After the queue setup, in our command group we submit a kernel using parallel_for. This function will execute the kernel in parallel on several work-items. An nd_range specifies a 1-, 2-, or 3-dimensional grid of work items that each executes the kernel function, which are executed together in work groups. The nd_range consists of two 1-, 2-, or 3 dimensional ranges: the global work size (specifying the full range of work items) and the local work size (specifying the range of each work group).

The nd_item describes the location of a point in a sycl::nd_range. An nd_item is typically passed to a kernel function in a parallel_for. In addition to containing the ID of the work item in the work group and global space, the nd_item also contains the sycl::nd_range defining the index space.

CUDA thread block and SYCL work-group

In CUDA, Cooperative Groups provide device code APIs for defining, partitioning, and synchronizing groups of threads. We often need to define and synchronize groups of threads smaller than thread blocks in order to enable greater performance and design flexibility.

An instance of thread_block is a handle to the group of threads in a CUDA thread block that you initialize as follows:

cg::thread_block cta = cg::this_thread_block();

Every thread that executes that line has its own instance of the variable block. Threads with the same value of the CUDA built-in variable blockIdx are part of the same thread block group.

In SYCL, a single execution of a given kernel is organized into work-groups and work-items. Each work-group contains the same number of work-items and is uniquely identified by a work-group ID. Additionally, within a work-group, a work-item can be identified by its local ID, and the combination of a local ID with a work-group ID is equivalent to the global ID.

auto cta = item_ct1.get_group();

SYCL get_group returns the constituent element of the group ID representing the work-group’s position within the overall nd_range in the given dimension.

Shared local memory access

In CUDA, shared memory is on-chip and is much faster than local and global memory. Shared memory latency is roughly 100x lower than uncached global memory latency. Threads can access data in shared memory loaded from global memory by other threads within the same thread block. Memory access can be controlled by thread synchronization to avoid a race condition (__syncthreads).

__shared__ double x_shared[N_ROWS];

__shared__ double b_shared[ROWS_PER_CTA + 1];

In SYCL, shared local memory (SLM) is on-chip in each work-group; the SLM has much higher bandwidth and much lower latency than global memory. Because it is accessible to all work-items in a work-group, the SLM can accommodate data sharing and communication among hundreds of work-items, depending on the work-group size. Work-items in the work-group can explicitly load data from global memory into SLM. The data stays in SLM during the lifetime of the work-group for faster access. Before the work-group finishes, the data in the SLM can be explicitly written back to the global memory by the work-items. After the work-group completes execution, the data in SLM becomes invalid.
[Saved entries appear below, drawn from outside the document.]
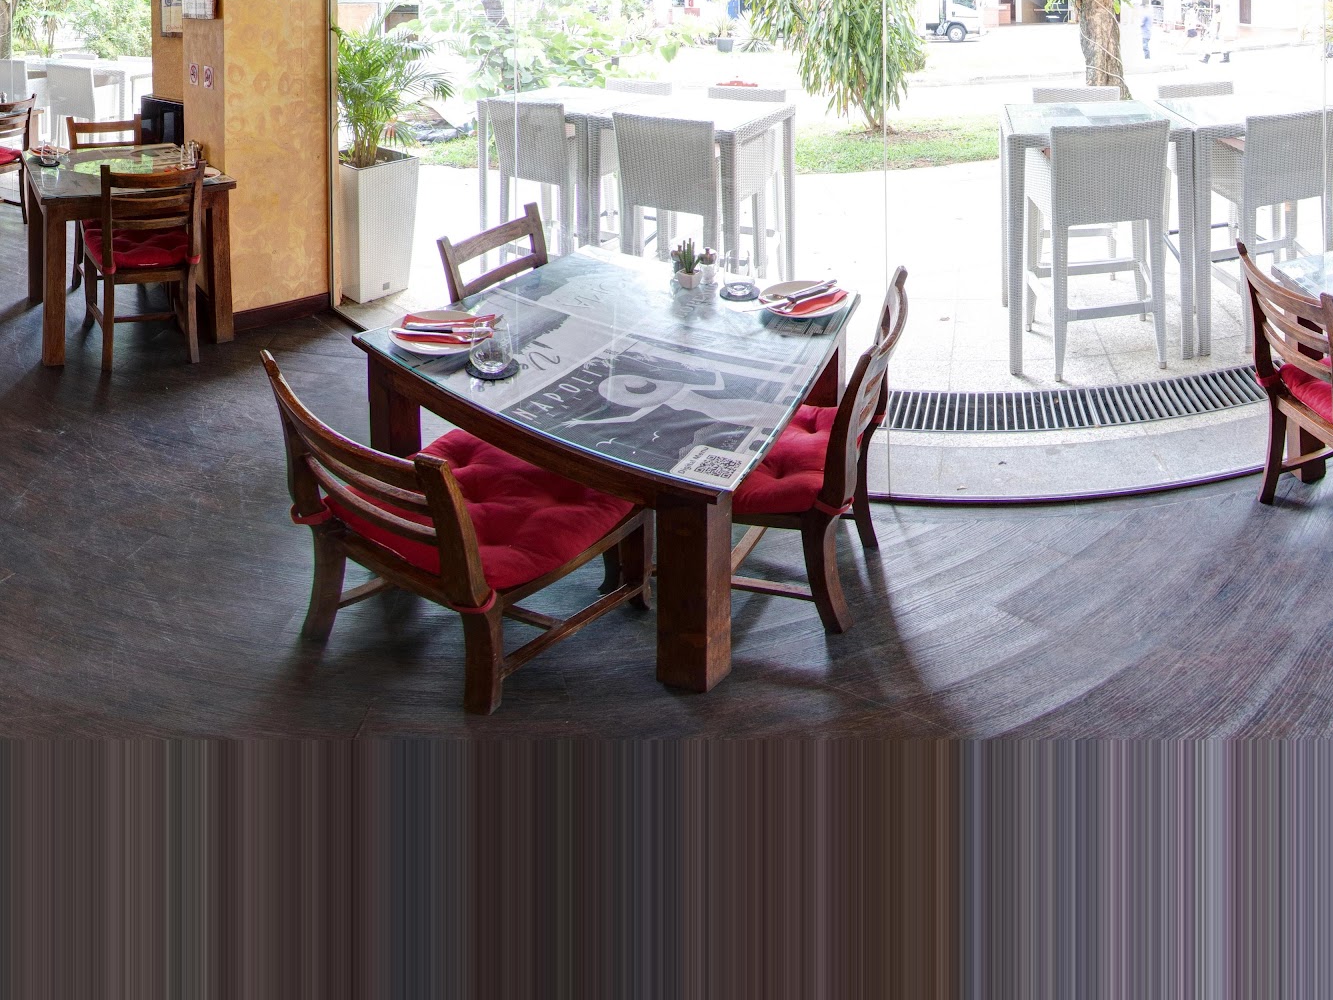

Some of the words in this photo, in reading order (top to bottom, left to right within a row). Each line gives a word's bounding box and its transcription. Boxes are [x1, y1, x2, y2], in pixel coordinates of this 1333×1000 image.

[511, 368, 603, 421] NAPOLI
[677, 458, 695, 474] Digital
[693, 446, 709, 461] Menu
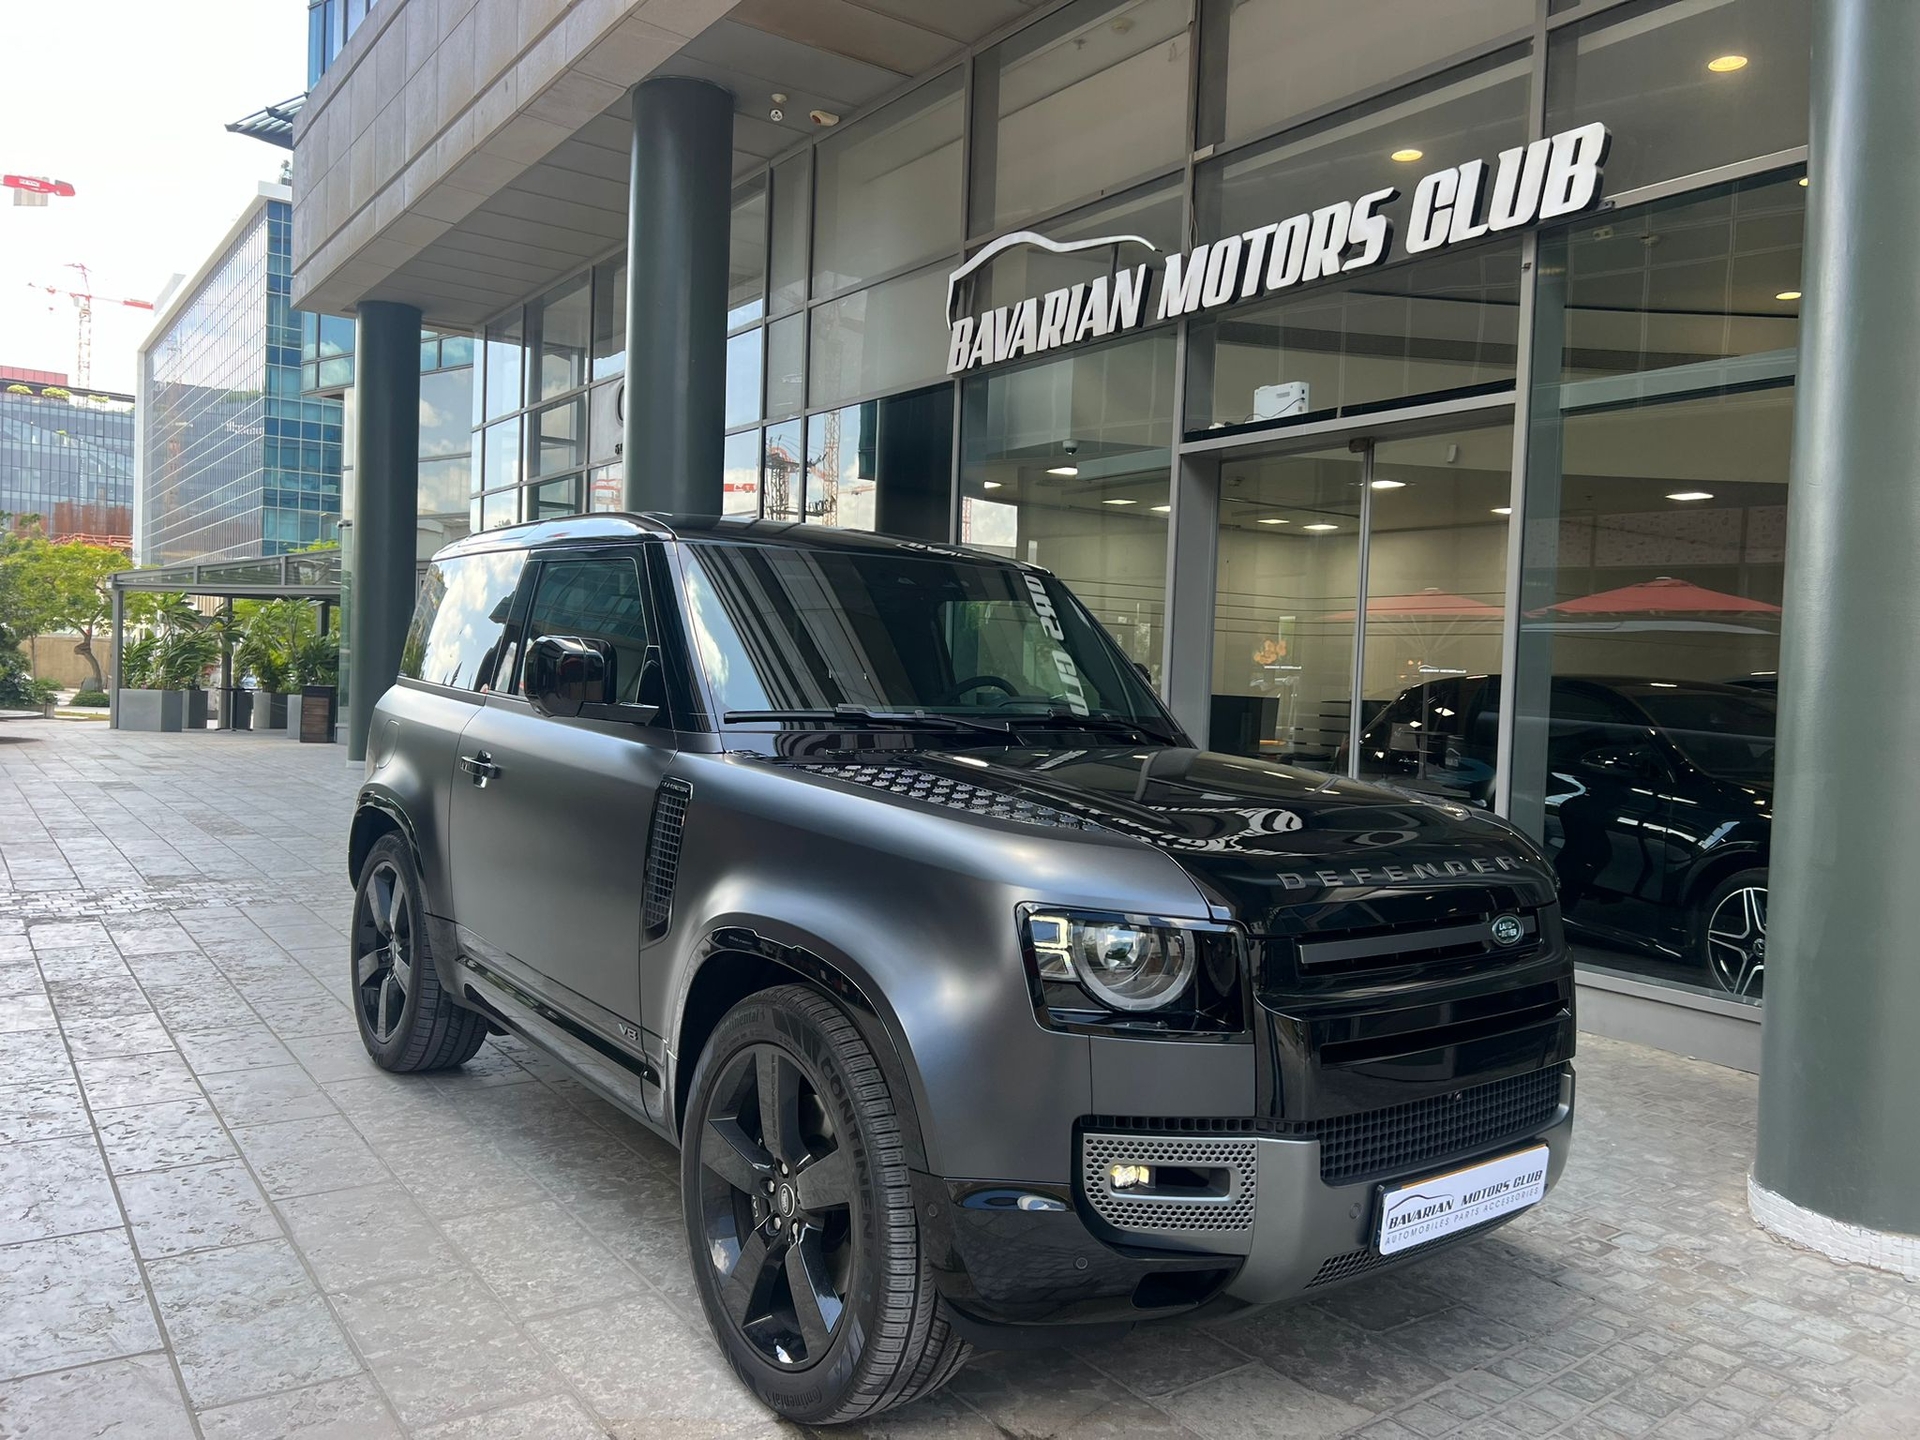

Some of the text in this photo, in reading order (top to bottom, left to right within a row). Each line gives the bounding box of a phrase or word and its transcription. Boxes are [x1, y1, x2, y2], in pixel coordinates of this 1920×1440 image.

[947, 122, 1608, 375] BAVARIAN MOTORS CLUB
[1276, 855, 1522, 891] DEFENDER
[618, 1022, 639, 1041] V8
[1384, 1186, 1539, 1246] AUTOMOBILES PARTS ACCESSORIES
[1388, 1170, 1543, 1230] BAVARIAN MOTORS CLUB
accessor<double, 1, access_mode::read_write, access::target::local> x_shared_acc_ct1(range<1>(N_ROWS), cgh);

accessor<double, 1, access_mode::read_write, access::target::local> b_shared_acc_ct1(range<1>(ROWS_PER_CTA + 1), cgh);

CUDA thread block synchronization and SYCL barrier synchronization

Synchronization is used to synchronize the states of threads sharing the same resources.

In CUDA, Synchronization is supported by all thread groups. We can synchronize a group by calling its collective sync() method, or by calling the cooperative_groups::sync() function. These perform barrier synchronization among all threads in the group.

cg::sync(cta);

In SYCL, to synchronize the state of memory, we use the item::barrier(access::fence_space) operation. It makes sure that each work-item within the work-group reaches the barrier call. In other words, it guarantees that the work-group is synchronized at a certain point in the code.

item_ct1.barrier();

item::barrier emits a memory fence in the specific space - it can be either access::fence_space::local_space, ::global_space or ::global_and_local. A fence ensures that the state of the specified space is consistent across all work-items within the work-group.
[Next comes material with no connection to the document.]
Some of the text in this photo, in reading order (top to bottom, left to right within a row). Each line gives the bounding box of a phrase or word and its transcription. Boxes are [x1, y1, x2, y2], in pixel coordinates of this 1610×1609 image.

CUDA cooperative group and SYCL subgroup

CUDA Cooperative Groups and SYCL subgroup aim to extending the programming model to allow kernels to dynamically organize groups of threads so that threads cooperate and share data to perform collective computations.

In CUDA, Cooperative Groups provides you with the flexibility to create new groups by partitioning existing groups. This enables cooperation and synchronization at finer granularity. The cg::tiled_partition() function partitions a thread block into multiple tiles.

cg::thread_block_tile<32> tile32 = cg::tiled_partition<32>(cta);

Each thread that executes the partition will get a handle (in tile32) to one 32-thread group.

In SYCL, sub groups allow partition of a work-group which map to low-level hardware and provide additional scheduling guarantees. The subgroup is an extension to the SYCL execution model, and it is hierarchically between the work_group and work_item. SYCL implementations often map sub-groups to low-level hardware features: for example, it is common for work-items in a sub-group to be executed in SIMD on hardware supporting vector instructions.

sub_group tile_sg = item_ct1.get_sub_group();

The set of sub-group sizes supported by a device is device-specific, and individual kernels can request a specific sub-group size at compile-time. This sub-group size is a compile time constant. In order to achieve the best performance, we need to try to match the optimal sub group size to the size of the compute units on the hardware. If not set, the compiler will attempt to select the optimal size for the subgroup.

[[intel::reqd_sub_group_size(SIZE)]]

CUDA warp primitives and SYCL group algorithms

Primitives were introduced to make warp-level programming safe and effective. CUDA executes groups of threads in single instruction, multiple thread (SIMT) fashion. We can achieve high performance by taking advantage of warp execution.

In CUDA, thread_block_tile::shfl_down() is used to simplify our warp-level reduction and eliminates the need for shared memory.

for (int offset = tile32.size() / 2; offset > 0; offset /= 2) {

    rowThreadSum += tile32.shfl_down(rowThreadSum, offset);

    }

Each iteration halves the number of active threads and each thread adds its partial sum to the first thread of the block.

In SYCL, the equivalent to CUDA shfl_down is shift_group_left, which moves values held by the work-items in a group directly to another work-item in the group, by shifting values a fixed number of work-items to the left.

for (int offset = tile_sg.get_local_range().get(0) / 2; offset > 0; offset /= 2) {

    rowThreadSum += shift_group_left(tile_sg,rowThreadSum, offset);

    }

CUDA atomics and SYCL atomics

Atomic operations are operations that are performed without interference from any other threads. Atomic operations are often used to prevent race conditions, which are common problems in multithreaded applications.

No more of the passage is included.